Sixty years later, A. A. Lyubimov, a painter and teacher, a disciple of Nicolai Fechin, who visited the same exhibition, remembered:

I remember in 1914, at the periodical exhibition of the school, a very strong impression was made on me by a portrait of the Adoratskaya girl sitting on a table amidst a still life. What freshness, what power, and at the same time, what delicate restraint and what a high general culture of portrait painting! It is impossible to forget, to pass by this masterpiece of Fechin's painting. There were a lot of people crowded, everyone wanted to take a closer look at the cuisine of painting and the technique of execution of this marvelous portrait.

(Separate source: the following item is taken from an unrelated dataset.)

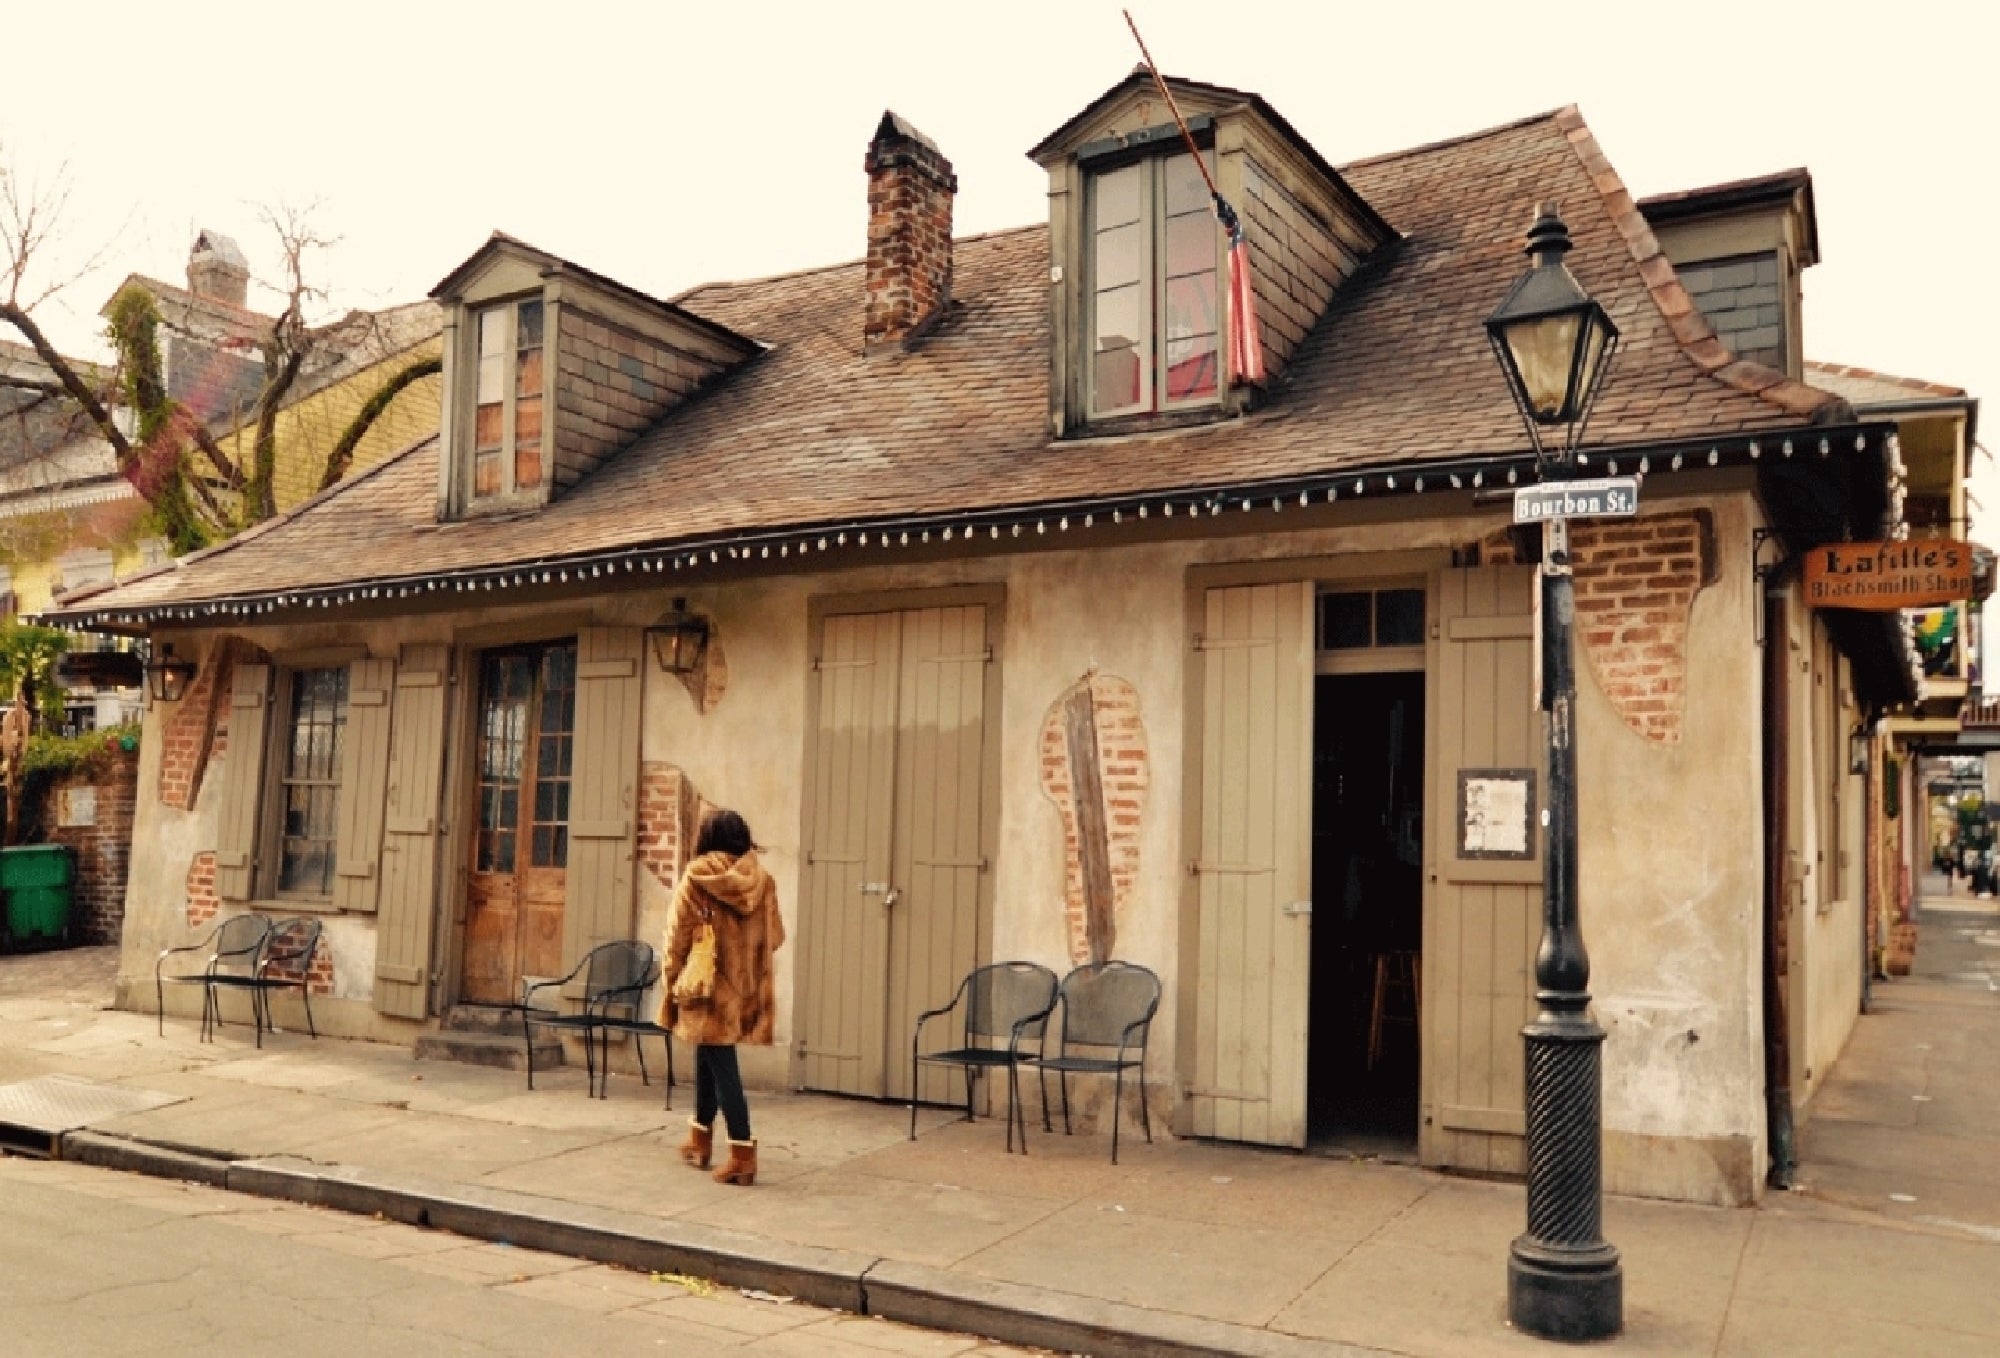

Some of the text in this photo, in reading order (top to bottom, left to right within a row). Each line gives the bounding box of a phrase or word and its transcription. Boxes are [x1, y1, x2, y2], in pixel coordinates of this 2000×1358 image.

In the first monograph on the work of Nicolai Fechin, published in 1921 in Kazan, art historian Peter Dulsky wrote about the painting Portrait of Varya Adoratskaya:

This very beautiful piece, almost the best of all executed by N. Fechin, depicts a full-length portrait of a girl, composed on the left side of the picture. The model is depicted in a rather calm pose, seated on the corner of the table. The smooth, gray tone of the background serves as a beautiful frame for the portrait, colorful still life, depicting a metal coffee pot, a vase with oranges and grapes, and a blue porcelain cup, all executed with great taste and skill; the portrait itself is surprisingly soft, with pleasant tones, well in harmony with the whole environment, as a whole giving a slender artistic impression.

=== Soviet art historians' opinions ===
Art historian Vladimir Voronov wrote about the “purest pearlescent painting, completed realistic form” of the painting. By “soft, exquisite harmony,” he put the portrait of Varya Adoratskaya on a par with Ilya Repin's Dragonfly and Valentin Serov's Girl with Peaches.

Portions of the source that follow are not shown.